2L’article repose sur une partition temporelle entre « l’avant » et « l’après » divorce. Cette partition, apparemment logique, crée des angles morts. L’ « avantdivorce » est réduit à la vie conjugale : la situation des conjointes et conjoints au moment de la séparation est envisagée comme le résultat de choix de « spécialisation optimale » faits au cours de la vie conjugale, et dont les déterminants antérieurs éventuels ne sont pas évoqués. Typiquement, la question de savoir pourquoi ce sont généralement les femmes qui sont les plus productives en matière de travail domestique et pourquoi il est « optimal » que ce soit les hommes qui s’investissent dans leur carrière professionnelle n’est pas ici posée. Pourtant, les réponses ne manquent pas. Les études de genre montrent d’abord que filles et garçons, dès l’enfance, sont familiarisés inégalement aux tâches domestiques, par les jeux qu’on leur propose, ou encore par une identification différenciée aux femmes qu’ils voient majoritairement effectuer ce type de tâches – mères, assistantes maternelles, auxiliaires de puériculture, Agent territorial spécialisé des écoles maternelles, femmes de ménage, etc.

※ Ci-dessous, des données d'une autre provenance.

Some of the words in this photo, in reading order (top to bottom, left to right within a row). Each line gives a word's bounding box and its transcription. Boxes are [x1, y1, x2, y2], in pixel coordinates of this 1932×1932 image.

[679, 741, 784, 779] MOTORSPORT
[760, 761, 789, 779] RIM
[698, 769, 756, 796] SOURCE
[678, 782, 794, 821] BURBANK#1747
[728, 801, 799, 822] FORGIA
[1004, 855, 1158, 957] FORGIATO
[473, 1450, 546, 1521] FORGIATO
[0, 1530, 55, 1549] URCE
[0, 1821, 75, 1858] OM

Malgré un idéal égalitaire de plus en plus consensuel dans les couples, c’est la pesanteur des gestes appris davantage par les unes que par les autres qui l’emporte (Kaufmann, 2011). Ensuite, l’éducation des filles les pousse vers des filières d’études moins rentables sur le marché du travail, en dépit de leurs meilleurs résultats scolaires (Baudelot et Establet, 2006). Elles sont plus tard discriminées sur le marché du travail et tout au long de leur carrière (Maruani, 2011), notamment en termes de salaire (Silvera, 2014).

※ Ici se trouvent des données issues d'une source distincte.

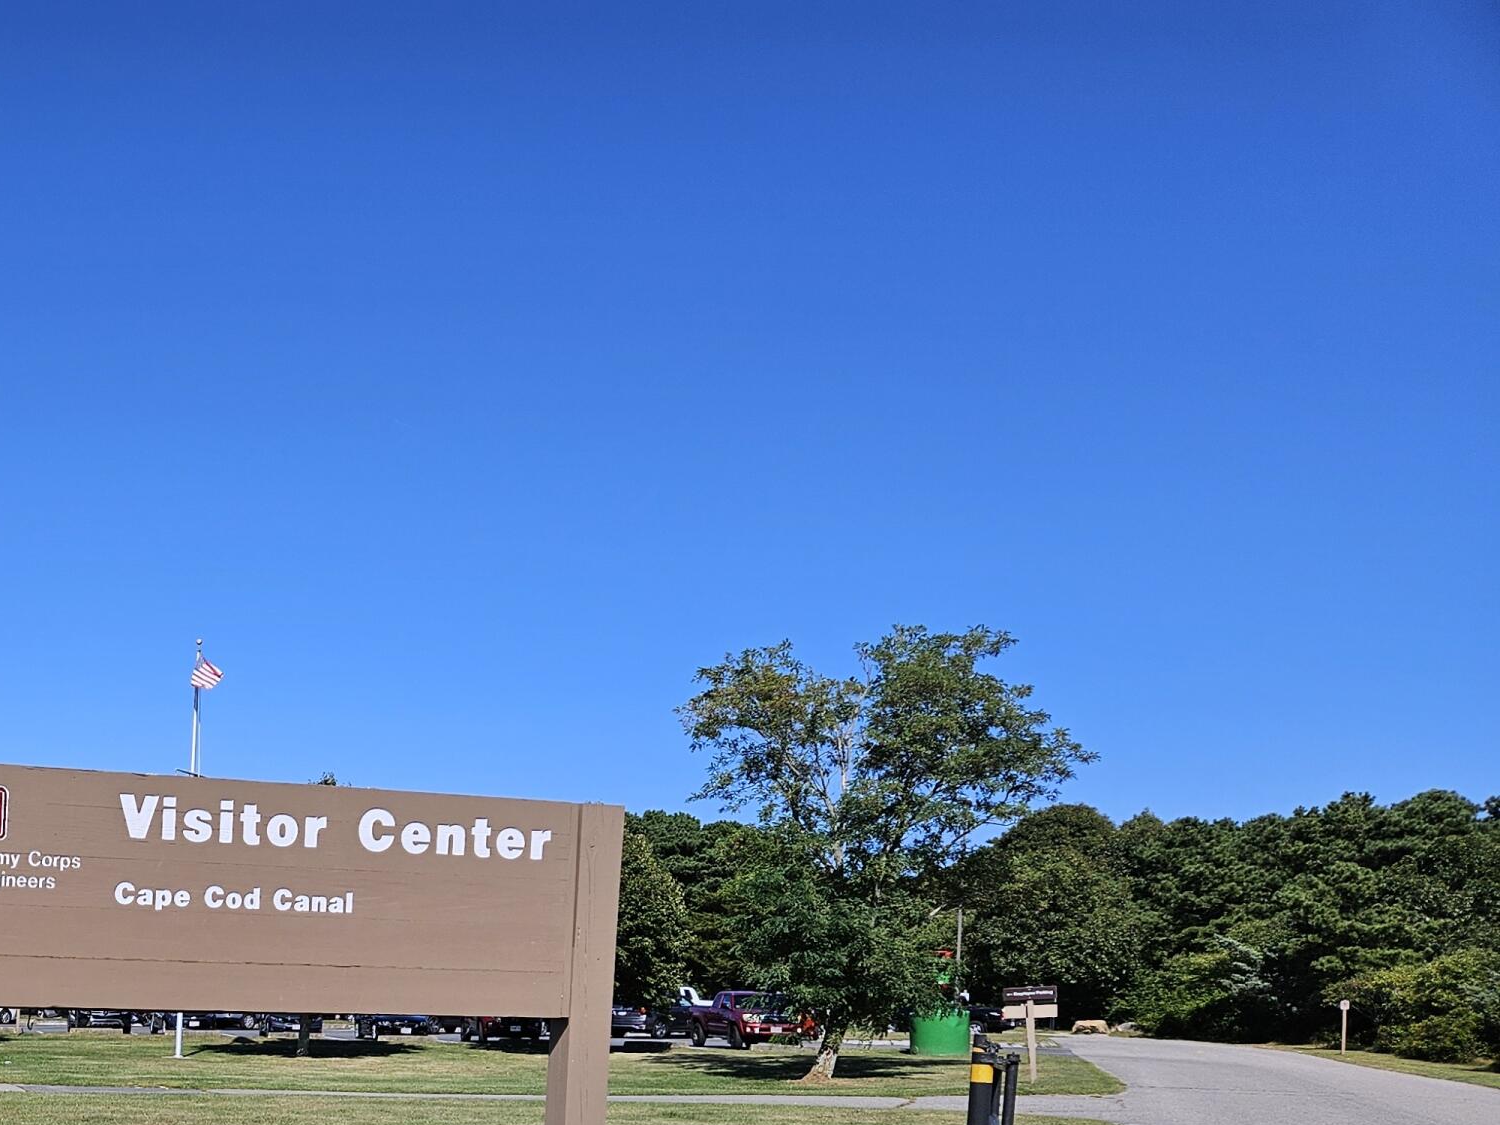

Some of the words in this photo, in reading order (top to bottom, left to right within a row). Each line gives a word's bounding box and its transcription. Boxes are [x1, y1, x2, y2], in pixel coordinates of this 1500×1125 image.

[119, 793, 328, 849] Visitor
[358, 808, 553, 861] Center
[28, 851, 81, 871] Corps
[114, 882, 191, 911] Cape
[203, 886, 261, 910] Cod
[272, 889, 354, 914] Canal

3Les travaux existants ont ainsi définitivement remis en cause la terminologie du choix en matière d’activité féminine, notamment à partir de l’exemple du temps partiel, à 78 % féminin : il a été largement démontré que l’opposition entre temps partiel « subi » et « choisi » ne rend compte ni de la réalité du marché du travail féminin ni de l’intériorisation des contraintes familiales par les femmes (Angeloff, 2000). Leur spécialisation dans les tâches domestiques ne relève pas d’un choix, mais est un produit sociohistorique. Les auteures la décrivent pourtant comme le résultat de décisions négociées entre deux individus, désignés par des termes neutres (« conjoints », « époux », « parties »). Cécile Bourreau-Dubois et Myriam Doriat-Duban qualifient ainsi de « risques privés » les effets de cette spécialisation sur la situation économique des femmes après la séparation. Elles tentent ensuite de distinguer ces « coûts privés » des « externalités sociales négatives » des ruptures (baisse du capital humain des enfants qui grandissent dans des familles monoparentales appauvries, accroissement des inégalités hommes/femmes dans une société qui affiche des objectifs de justice sociale), comme si c’était par hasard que les arrangements conjugaux privés aboutissaient, à l’échelle de la société, à une situation d’inégalité entre hommes et femmes et à un appauvrissement des enfants qui se trouvent vivre majoritairement, là encore comme par hasard, avec leur mère. En mobilisant l’opposition entre coûts privés et coûts sociaux, les auteures occultent ce que les études féministes ont établi de longue date : que le privé et le domestique constituent des enjeux sociaux et politiques (Fraisse, 2001). Elles participent du même coup, à leur façon, à l’invisibilisation de l’exploitation des femmes par les hommes dans la sphère domestique comme dans la sphère professionnelle (Delphy, 2015).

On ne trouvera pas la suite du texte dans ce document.